Útero vacío, de Cecilia Solá, es un apasionante relato que nos sitúa en el medio de lo que, a simple vista, pudiera parecer solamente una historia de amor que no llegó a ser.
Exquisitamente escrito, su ritmo trepidante nos atrapa y nos conduce hasta el final, donde un dato escondido nos pone ante lo más crudo de la realidad de sus protagonistas. Conmovedor, en tanto nos devuelve un pasaje siempre triste de la historia del continente, de la que muchos permanecen todavía ajenos, porque no les tocó de cerca.
Narra el encuentro de un joven abogado con una estudiante de medicina en una estación subterránea del metro. Luego de habituales encuentros que duraban lo mismo que el viaje de regreso a sus hogares, entre conversaciones y risas, deciden verse y conversar afuera, en lo que llamaban la vida real, solo que debía ser cuando la joven regresara de un viaje de quince días que haría a la ciudad de Córdoba.
Luego de días y meses de tomar el subterráneo, de ir pegado a la puerta buscando encontrar su mirada entre la gente, sin entender qué pudo ser, sabiendo que la joven era solo un nombre sin dirección ni teléfono, comenzó a no pensar en ella unas horas al día, unos días a los meses, hasta que se convirtió en el dulce recuerdo que a veces volvía, en una sonrisa melancólica de vez en cuando.
Veintiséis años después, mientras atravesaba la Plaza de Mayo, se tropezó con la Marcha de las abuelas, sin prestar atención, tan ajeno a su lucha, porque él nunca había tenido problemas.
“Pasaba de largo, indiferente, inmune, hasta que los ojos de cachorro y el largo pelo lacio me golpearon desde la imagen congelada de una fotografía en blanco y negro: Victoria Armendáriz, 22 años, secuestrada por un grupo armado paramilitar el 26 de noviembre de 1979 en las escaleras del subte, estación Facultad de Medicina”
Y de golpe, dejó de ser indiferente, dejó de ser inmune y miró aquella foto “hasta que me picaron los ojos“ luego corrió hasta la entrada del subterráneo y se sumergió en aquel útero metálico, donde vivieron lejos de aquella vida real, pero que ya no se la devolvería.

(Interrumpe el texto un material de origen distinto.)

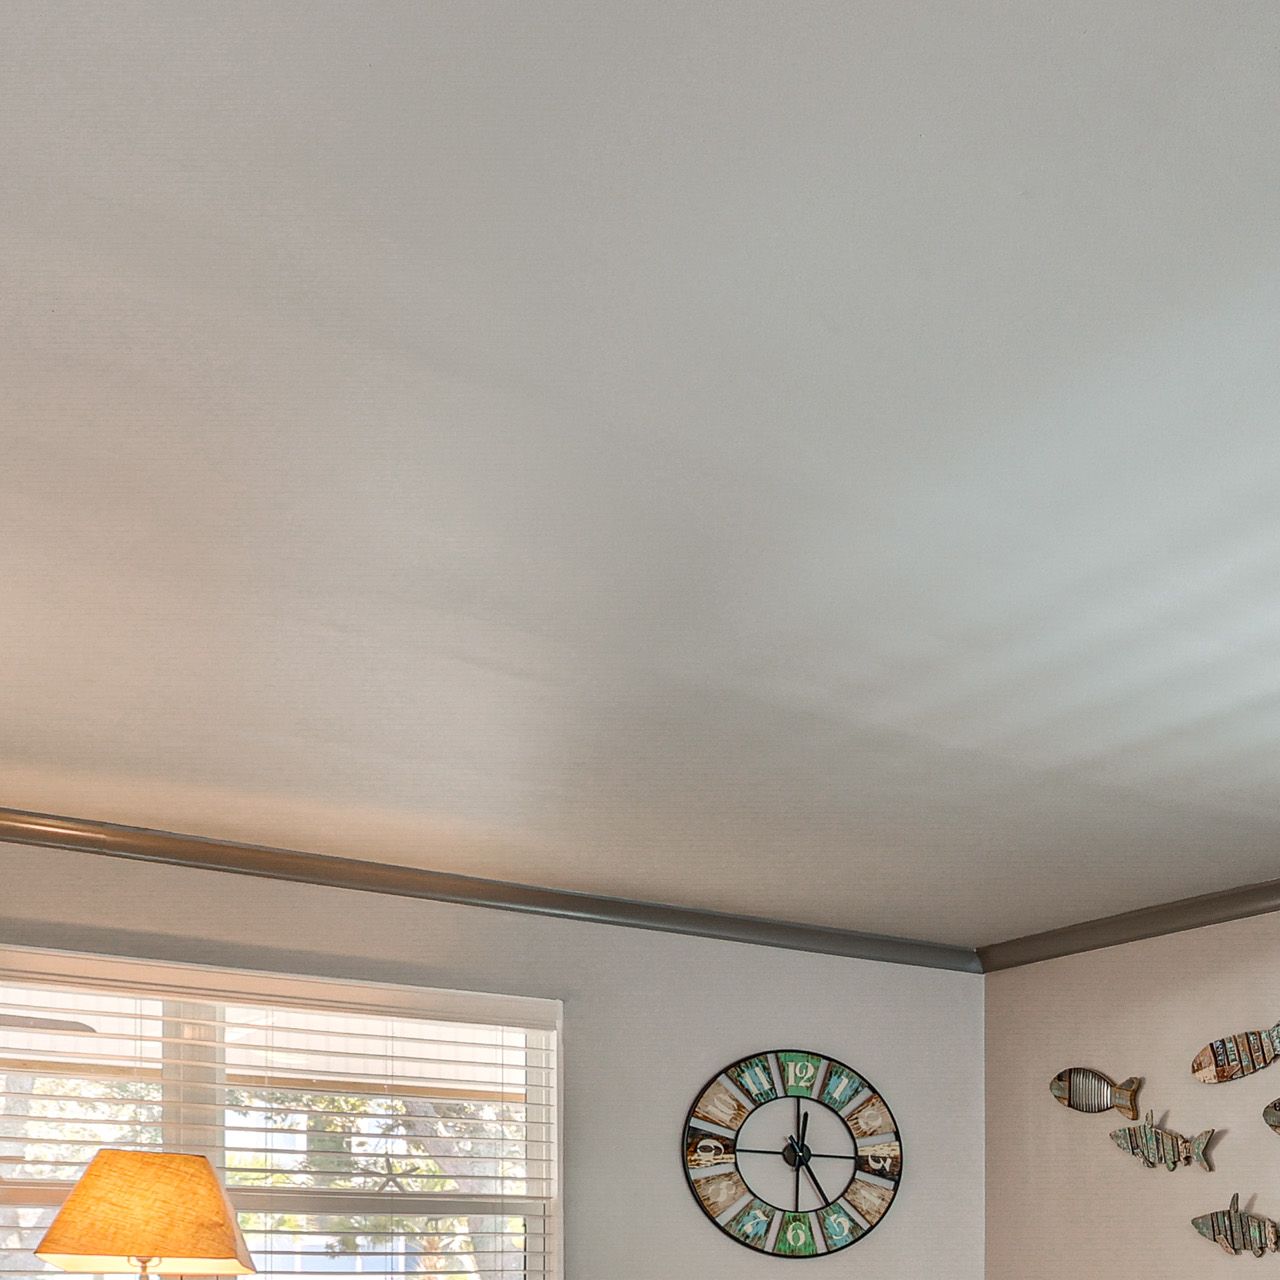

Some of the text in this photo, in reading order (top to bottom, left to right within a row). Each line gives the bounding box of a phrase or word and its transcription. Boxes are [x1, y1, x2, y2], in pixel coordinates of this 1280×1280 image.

[740, 1067, 772, 1096] 11
[786, 1061, 815, 1087] 12
[829, 1076, 849, 1100] 1
[696, 1138, 725, 1158] 9
[744, 1210, 769, 1233] 7
[830, 1215, 849, 1240] 5
[786, 1222, 806, 1246] 6
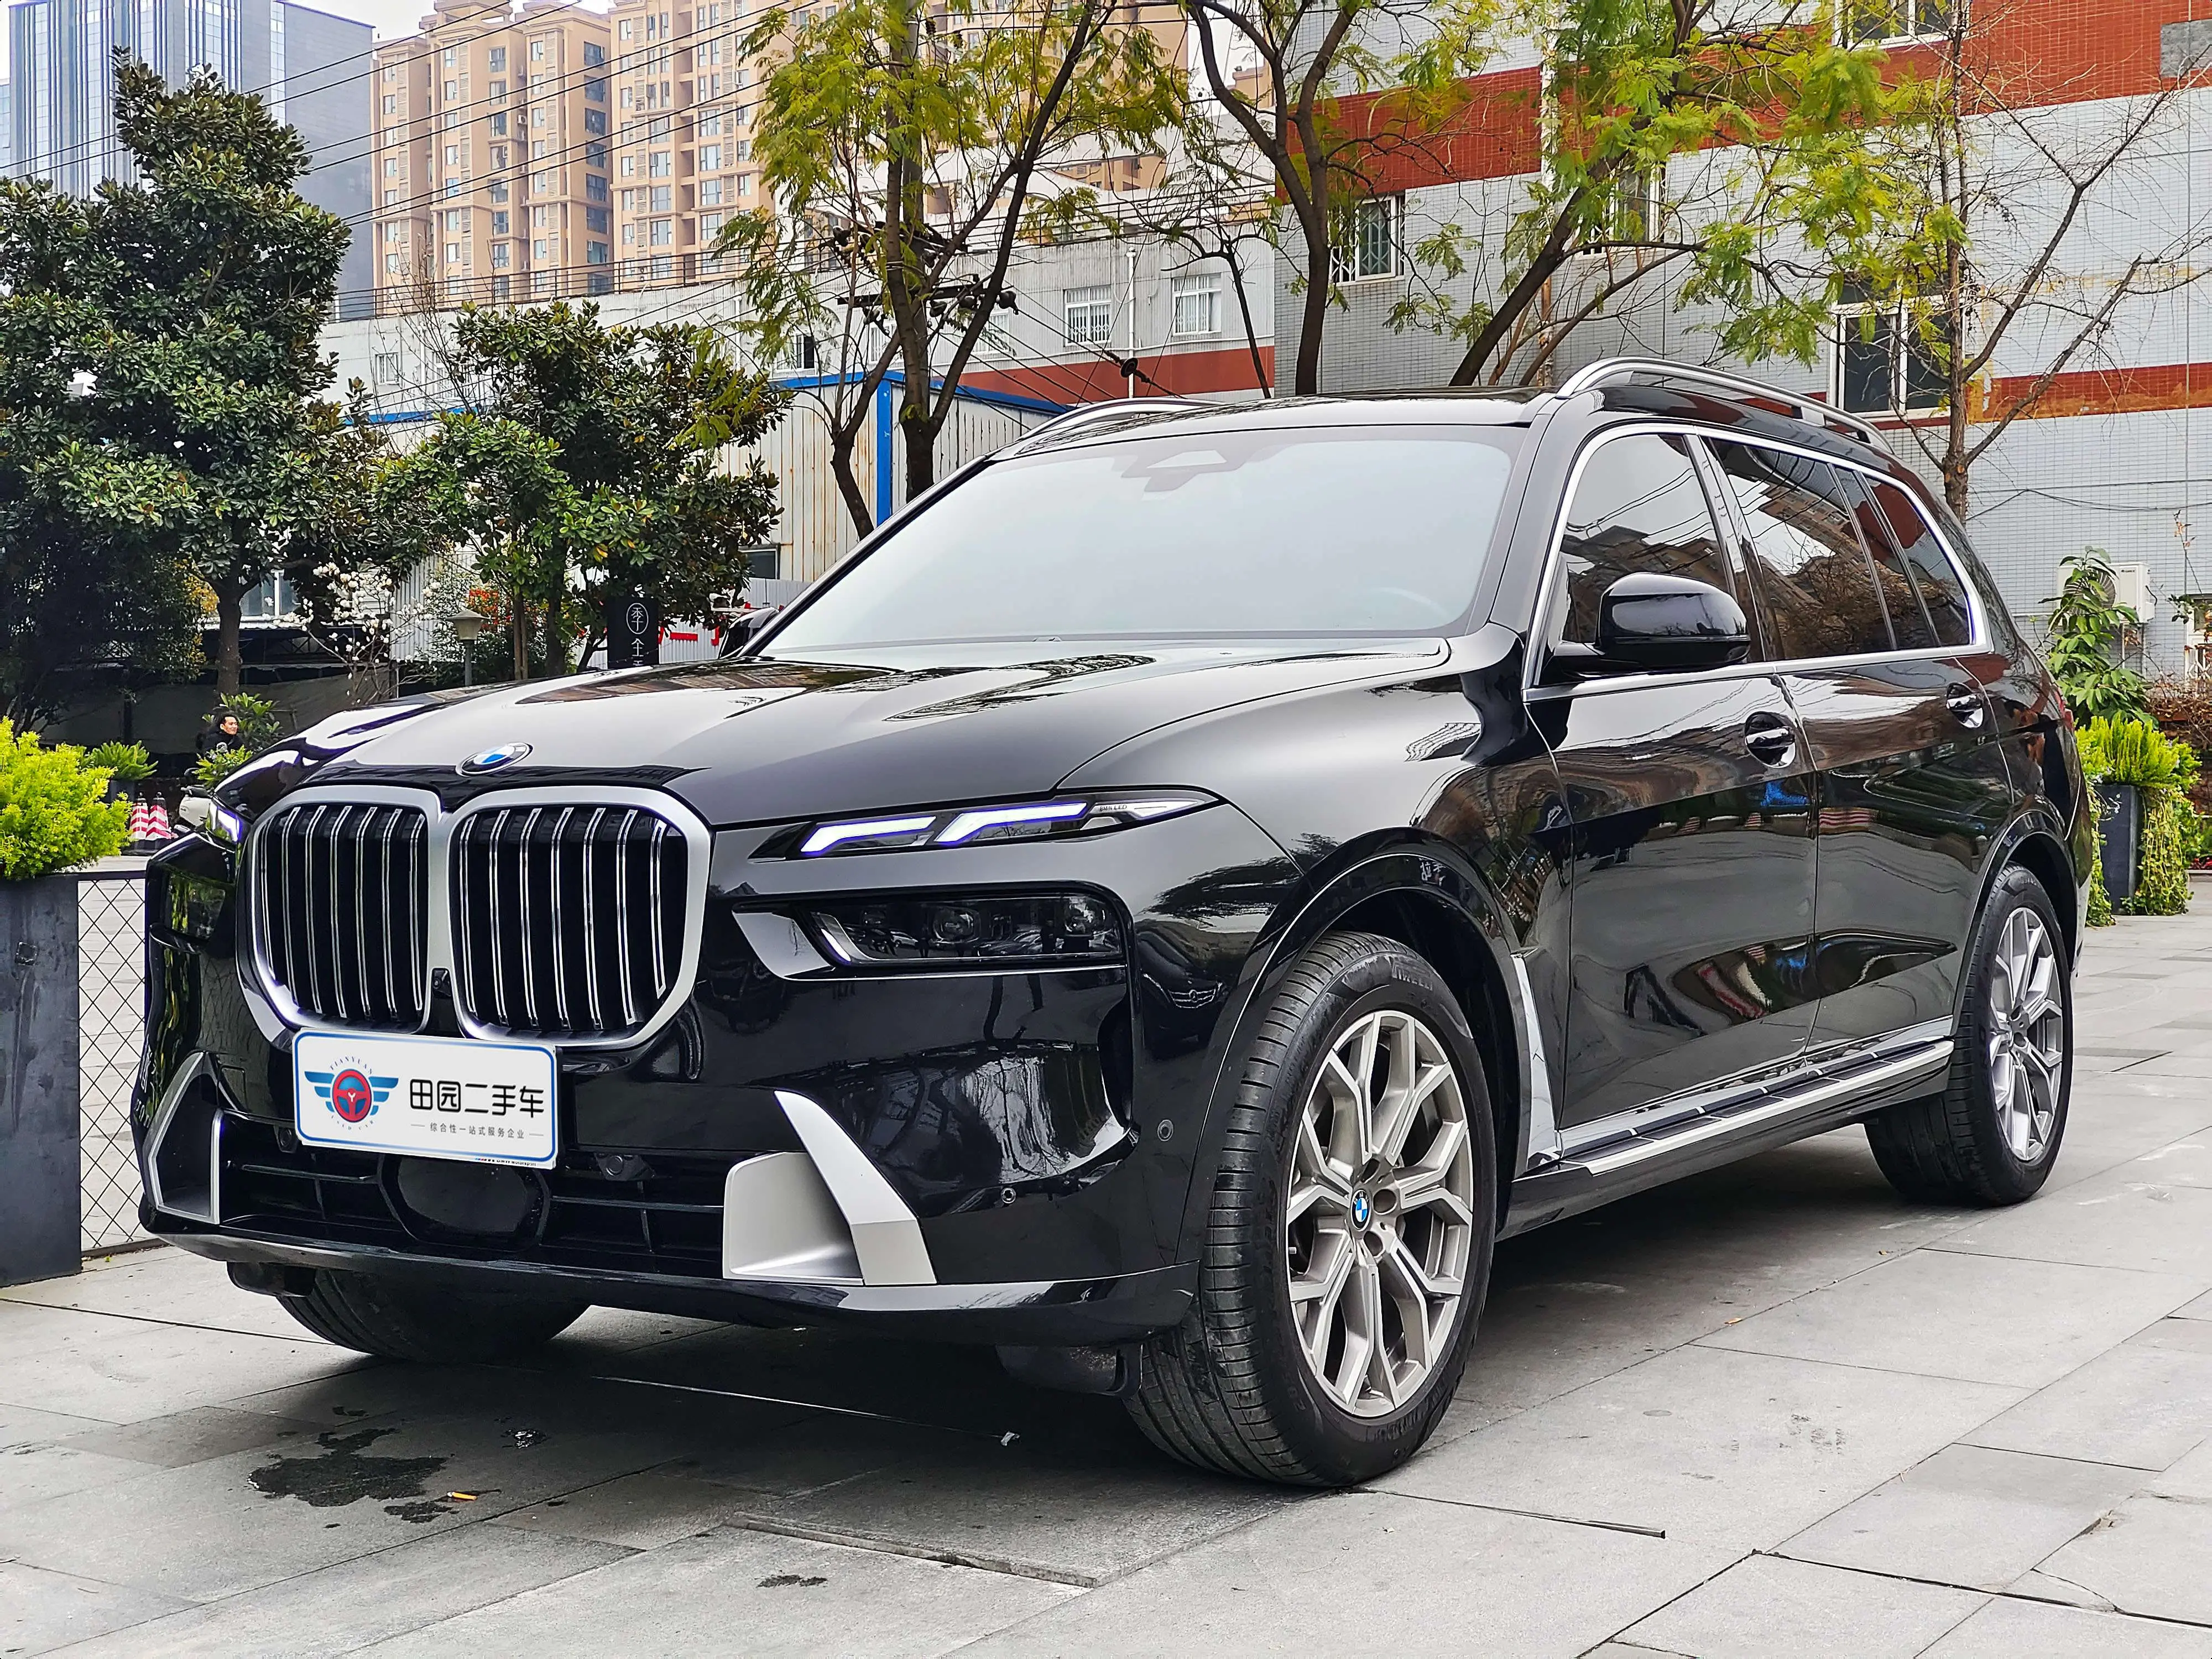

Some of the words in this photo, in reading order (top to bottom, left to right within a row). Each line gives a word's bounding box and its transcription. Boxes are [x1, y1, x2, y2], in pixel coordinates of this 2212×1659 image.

Muchas veces nos mantenemos distantes a las luchas ajenas, no enarbolamos banderas que no creemos nuestras, porque las realidades que se esgrimen son de otros, somos inmunes al dolor que no nos toca, a la desdicha que no se nos instala en la casa, a las pérdidas que nos mira a los ojos, al hambre que no sentimos, a la enfermedad que no padecemos.
Así pasamos por la vida sin la más mínima empatía, esa capacidad suprema de situarse en el triste sitio del otro que, a nuestro lado, está peor, de intentar al menos de entender sus razones, el porqué de su realidad distinta y lamentable, de la necesidad de acompañar las batallas ajenas, las que nos pueden parecer tan distantes, y que no pocas veces, en algún momento nos llegan, nos mueven las simientes, nos marcan la existencia.
Para ponernos en la misma marcha de cualquier ser, para entrar en las luchas de no pocos grupos humanos que a diario padecen, no tenemos, necesariamente, que ser tocados por sus propias desgracias, basta solo cultivar esa capacidad de la que tanto se habla y no mucho se practica, esa capacidad humana que se nombra de muchas maneras, que nos manda metafóricamente a caminar con los zapatos del otro, de ponernos en su sitio, de sangrar por su herida.
Crueles realidades abundan, tristes historias que arrastran muchos cerca de nosotros, tan raigales, tan difíciles que ni deseándolo mucho, ni intentándolo todo podemos resolver, mas si nos acercamos, si olvidamos que la nuestra es otra y decidimos acompañar esas historias, a esa gente comenzamos a marcar la diferencia.
Útero vacío, es quizás, una de las más hermosas, sutiles y a la vez contundentes maneras de mostrarnos cómo podemos permanecer ajenos, distantes a los más horribles de los dolores humanos, a las más crudas de las realidades que marcan naciones y muchas generaciones, solo porque no fuimos tocados por la misma desgracia. La suerte, entonces, puede agradecerse acompañando a los que sí fueron tocados y hundidos en ella.